*EXERCISE DESCRIPTION*
Would you please set down the lines of the data from the one containing "this 1280×1280 image." to the final line, exactly and only those?
[INPUT RECORDS Boundary: Start]
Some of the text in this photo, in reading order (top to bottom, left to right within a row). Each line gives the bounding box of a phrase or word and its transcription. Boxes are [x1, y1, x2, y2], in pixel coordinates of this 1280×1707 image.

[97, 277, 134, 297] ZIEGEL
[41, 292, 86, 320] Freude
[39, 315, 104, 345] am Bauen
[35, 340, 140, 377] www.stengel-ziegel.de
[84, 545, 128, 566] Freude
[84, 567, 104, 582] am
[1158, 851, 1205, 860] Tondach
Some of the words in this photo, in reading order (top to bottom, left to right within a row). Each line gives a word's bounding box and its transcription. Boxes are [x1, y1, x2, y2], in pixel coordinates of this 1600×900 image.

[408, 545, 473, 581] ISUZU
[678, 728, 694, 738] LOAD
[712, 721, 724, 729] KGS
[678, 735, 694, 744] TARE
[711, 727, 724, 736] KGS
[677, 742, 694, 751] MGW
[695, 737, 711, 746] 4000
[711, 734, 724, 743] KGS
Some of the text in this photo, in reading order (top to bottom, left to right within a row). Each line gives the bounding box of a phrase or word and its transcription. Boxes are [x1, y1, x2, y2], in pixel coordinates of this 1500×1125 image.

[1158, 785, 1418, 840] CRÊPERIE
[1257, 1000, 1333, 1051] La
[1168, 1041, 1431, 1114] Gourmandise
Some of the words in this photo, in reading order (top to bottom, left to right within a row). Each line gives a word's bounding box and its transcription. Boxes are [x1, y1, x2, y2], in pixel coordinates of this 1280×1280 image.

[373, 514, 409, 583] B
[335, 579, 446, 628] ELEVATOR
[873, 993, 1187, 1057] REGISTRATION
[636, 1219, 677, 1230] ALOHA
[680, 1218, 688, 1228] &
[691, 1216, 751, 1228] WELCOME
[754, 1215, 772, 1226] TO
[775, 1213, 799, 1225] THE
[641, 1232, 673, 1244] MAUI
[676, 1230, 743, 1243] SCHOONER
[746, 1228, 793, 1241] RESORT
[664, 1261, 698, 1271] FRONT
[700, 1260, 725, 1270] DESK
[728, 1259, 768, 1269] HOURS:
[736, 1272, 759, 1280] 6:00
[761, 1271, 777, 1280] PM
[INPUT RECORDS Boundary: End]
*SOLUTION TO THIS EXERCISE*
Some of the words in this photo, in reading order (top to bottom, left to right within a row). Each line gives a word's bounding box and its transcription. Boxes are [x1, y1, x2, y2], in pixel coordinates of this 1280×1280 image.

[373, 514, 409, 583] B
[335, 579, 446, 628] ELEVATOR
[873, 993, 1187, 1057] REGISTRATION
[636, 1219, 677, 1230] ALOHA
[680, 1218, 688, 1228] &
[691, 1216, 751, 1228] WELCOME
[754, 1215, 772, 1226] TO
[775, 1213, 799, 1225] THE
[641, 1232, 673, 1244] MAUI
[676, 1230, 743, 1243] SCHOONER
[746, 1228, 793, 1241] RESORT
[664, 1261, 698, 1271] FRONT
[700, 1260, 725, 1270] DESK
[728, 1259, 768, 1269] HOURS:
[736, 1272, 759, 1280] 6:00
[761, 1271, 777, 1280] PM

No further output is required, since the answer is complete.